All pictures must be dropped, while the entries are given again word for word.

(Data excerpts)
• • • •
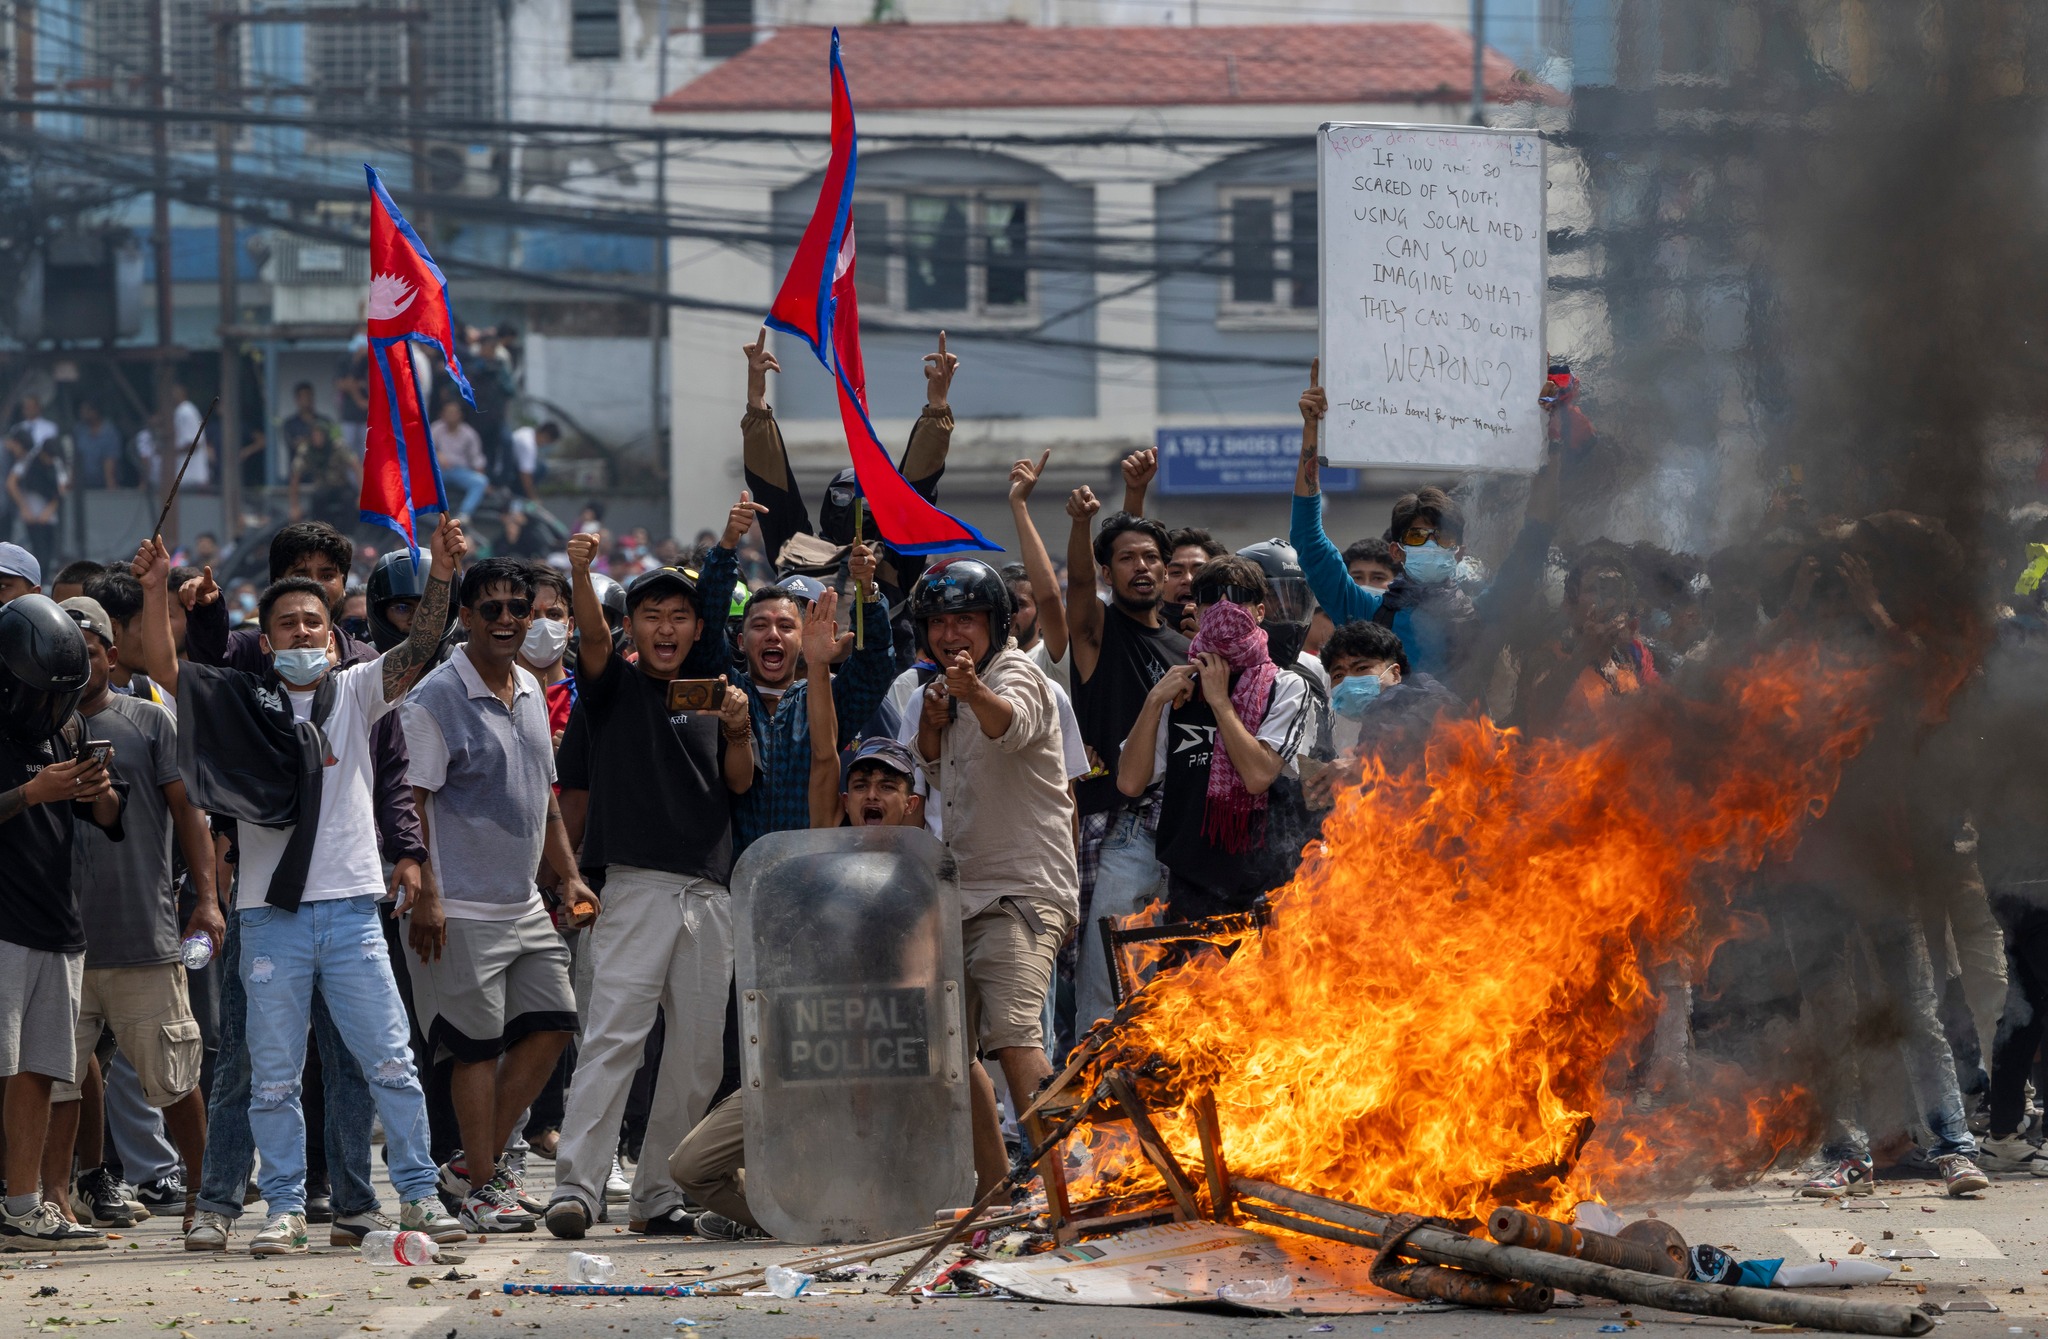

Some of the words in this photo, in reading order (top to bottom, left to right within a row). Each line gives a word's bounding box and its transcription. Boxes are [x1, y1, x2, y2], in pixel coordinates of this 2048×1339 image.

[1351, 175, 1412, 196] SCARED
[1420, 183, 1438, 200] OF
[1482, 163, 1501, 178] SO
[1354, 206, 1408, 230] USING
[1422, 210, 1480, 233] SOCIAL
[1487, 220, 1538, 242] MED
[1386, 235, 1430, 261] CAN
[1441, 240, 1487, 273] YOU
[1372, 263, 1453, 295] IMAGINE
[1360, 294, 1407, 333] THEY
[1414, 308, 1449, 327] CAN
[1456, 313, 1481, 333] DO
[795, 997, 908, 1032] NEPAL
[790, 1036, 918, 1073] POLICE
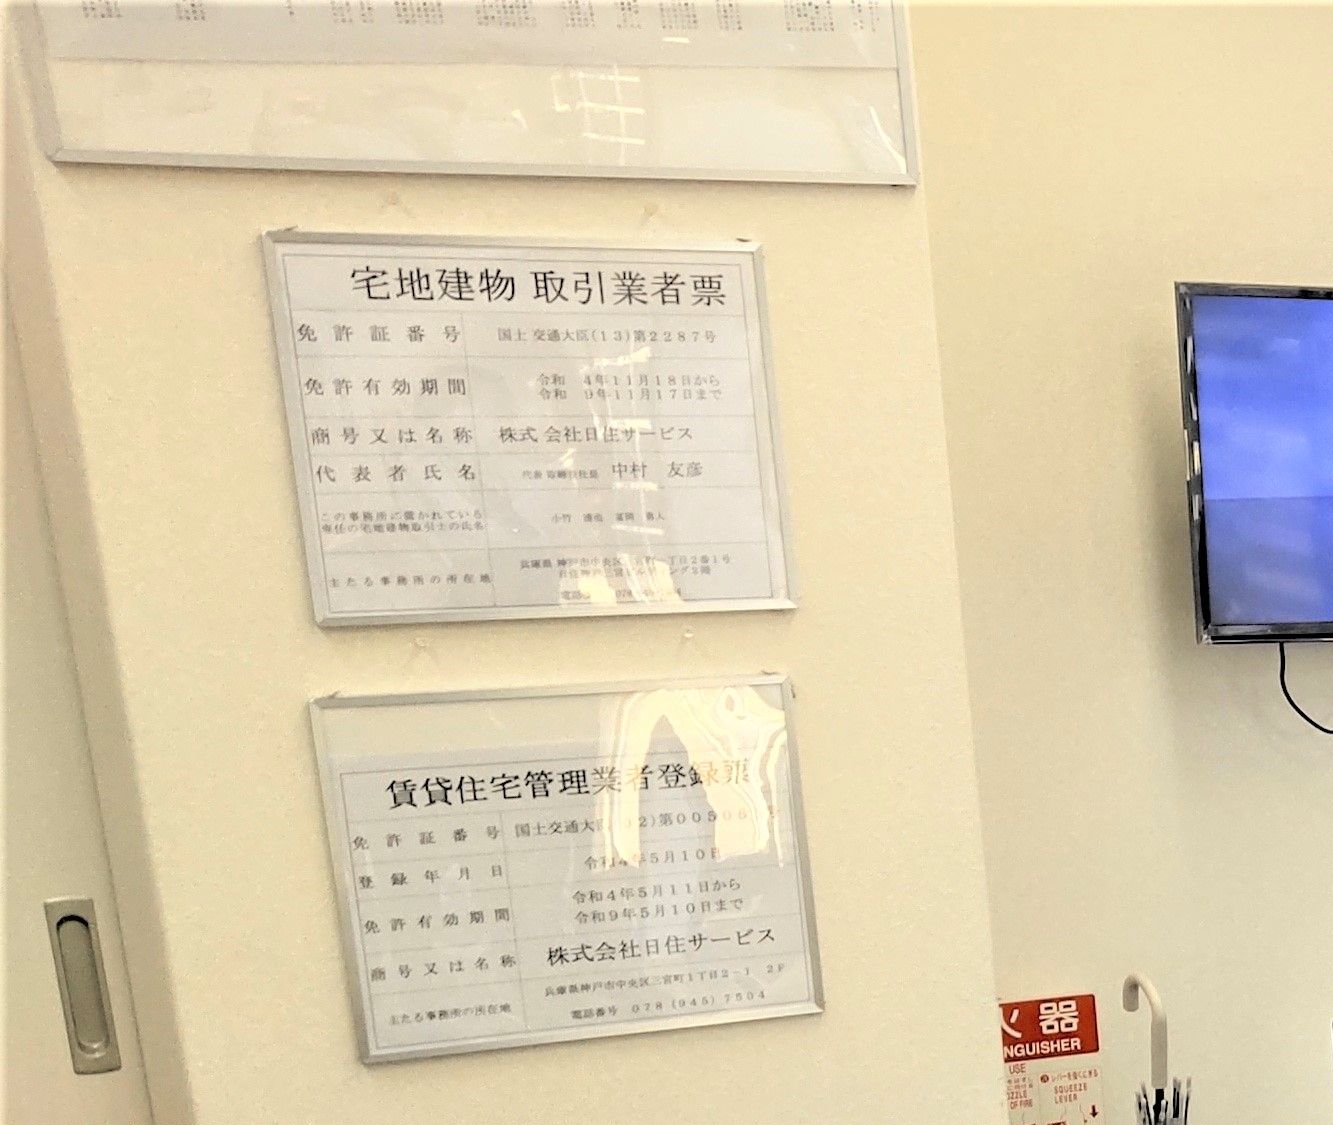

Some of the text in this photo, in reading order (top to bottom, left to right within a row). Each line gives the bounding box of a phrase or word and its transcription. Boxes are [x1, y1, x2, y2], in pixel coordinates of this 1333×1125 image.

[297, 322, 462, 343] 免許証番号
[304, 377, 467, 396] 免許有効期間
[310, 427, 473, 446] 商号又は名称
[315, 464, 476, 483] 代表者氏名
[611, 461, 648, 479] 中村
[353, 824, 500, 850] 免許証番号
[358, 864, 503, 889] 登録年月日
[364, 907, 510, 935] 免許有効期間
[546, 928, 775, 967] 株式会社日住サービス
[370, 954, 516, 983] 商号又は名称
[1003, 1037, 1081, 1059] NGUISHER
[1008, 1062, 1026, 1075] USE
[1054, 1082, 1088, 1095] SQUEEZE
[1054, 1093, 1078, 1105] LEVER
• • • •
- _Response area_:
Some of the words in this photo, in reading order (top to bottom, left to right within a row). Each line gives a word's bounding box and its transcription. Boxes are [x1, y1, x2, y2], in pixel coordinates of this 2048×1339 image.

[1351, 175, 1412, 196] SCARED
[1420, 183, 1438, 200] OF
[1482, 163, 1501, 178] SO
[1354, 206, 1408, 230] USING
[1422, 210, 1480, 233] SOCIAL
[1487, 220, 1538, 242] MED
[1386, 235, 1430, 261] CAN
[1441, 240, 1487, 273] YOU
[1372, 263, 1453, 295] IMAGINE
[1360, 294, 1407, 333] THEY
[1414, 308, 1449, 327] CAN
[1456, 313, 1481, 333] DO
[795, 997, 908, 1032] NEPAL
[790, 1036, 918, 1073] POLICE

Some of the text in this photo, in reading order (top to bottom, left to right within a row). Each line gives the bounding box of a phrase or word and its transcription. Boxes are [x1, y1, x2, y2], in pixel coordinates of this 1333×1125 image.

[297, 322, 462, 343] 免許証番号
[304, 377, 467, 396] 免許有効期間
[310, 427, 473, 446] 商号又は名称
[315, 464, 476, 483] 代表者氏名
[611, 461, 648, 479] 中村
[353, 824, 500, 850] 免許証番号
[358, 864, 503, 889] 登録年月日
[364, 907, 510, 935] 免許有効期間
[546, 928, 775, 967] 株式会社日住サービス
[370, 954, 516, 983] 商号又は名称
[1003, 1037, 1081, 1059] NGUISHER
[1008, 1062, 1026, 1075] USE
[1054, 1082, 1088, 1095] SQUEEZE
[1054, 1093, 1078, 1105] LEVER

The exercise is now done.